EXERCISE DESCRIPTION: Leave out the pictures and restate the rest of the data exactly.
▽
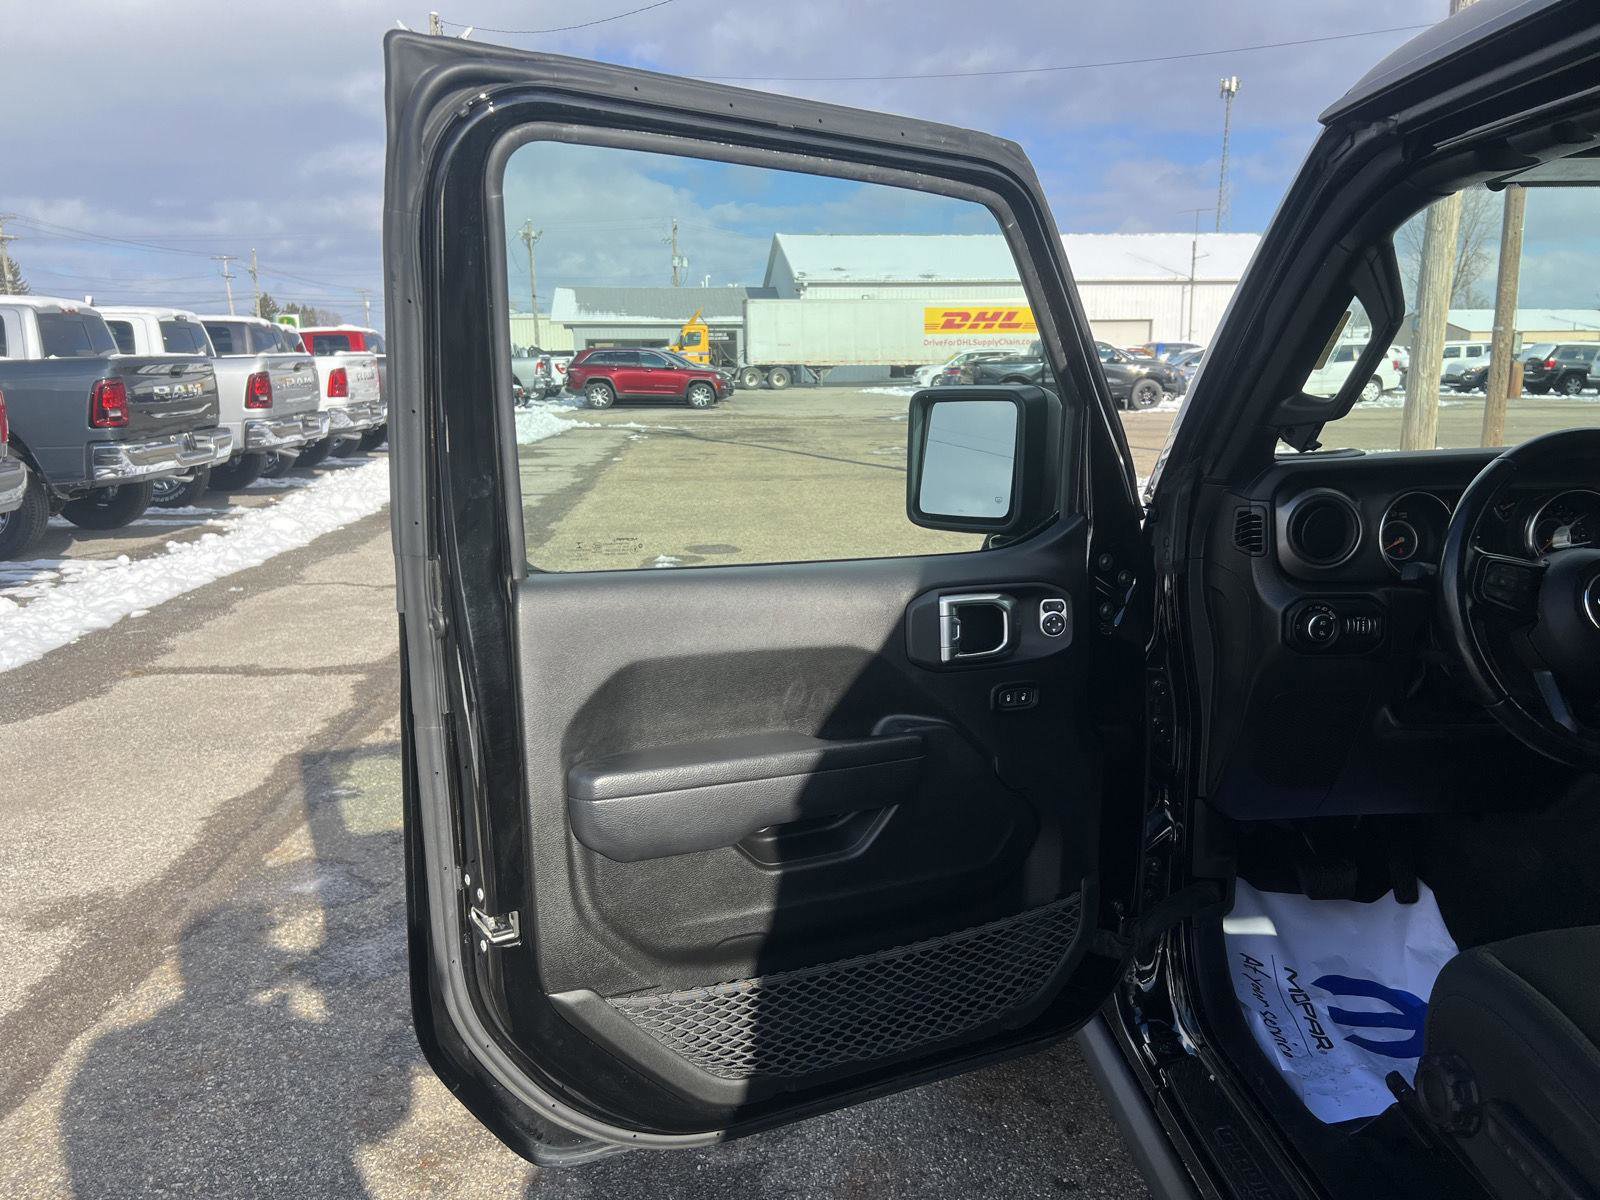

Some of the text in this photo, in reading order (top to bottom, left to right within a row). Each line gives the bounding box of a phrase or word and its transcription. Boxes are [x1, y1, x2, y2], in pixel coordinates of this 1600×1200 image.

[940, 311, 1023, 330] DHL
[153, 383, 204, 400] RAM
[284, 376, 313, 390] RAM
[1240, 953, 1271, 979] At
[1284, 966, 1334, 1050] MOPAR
△
RESPONSE AREA:
Some of the text in this photo, in reading order (top to bottom, left to right within a row). Each line gives the bounding box of a phrase or word and its transcription. Boxes are [x1, y1, x2, y2], in pixel coordinates of this 1600×1200 image.

[940, 311, 1023, 330] DHL
[153, 383, 204, 400] RAM
[284, 376, 313, 390] RAM
[1240, 953, 1271, 979] At
[1284, 966, 1334, 1050] MOPAR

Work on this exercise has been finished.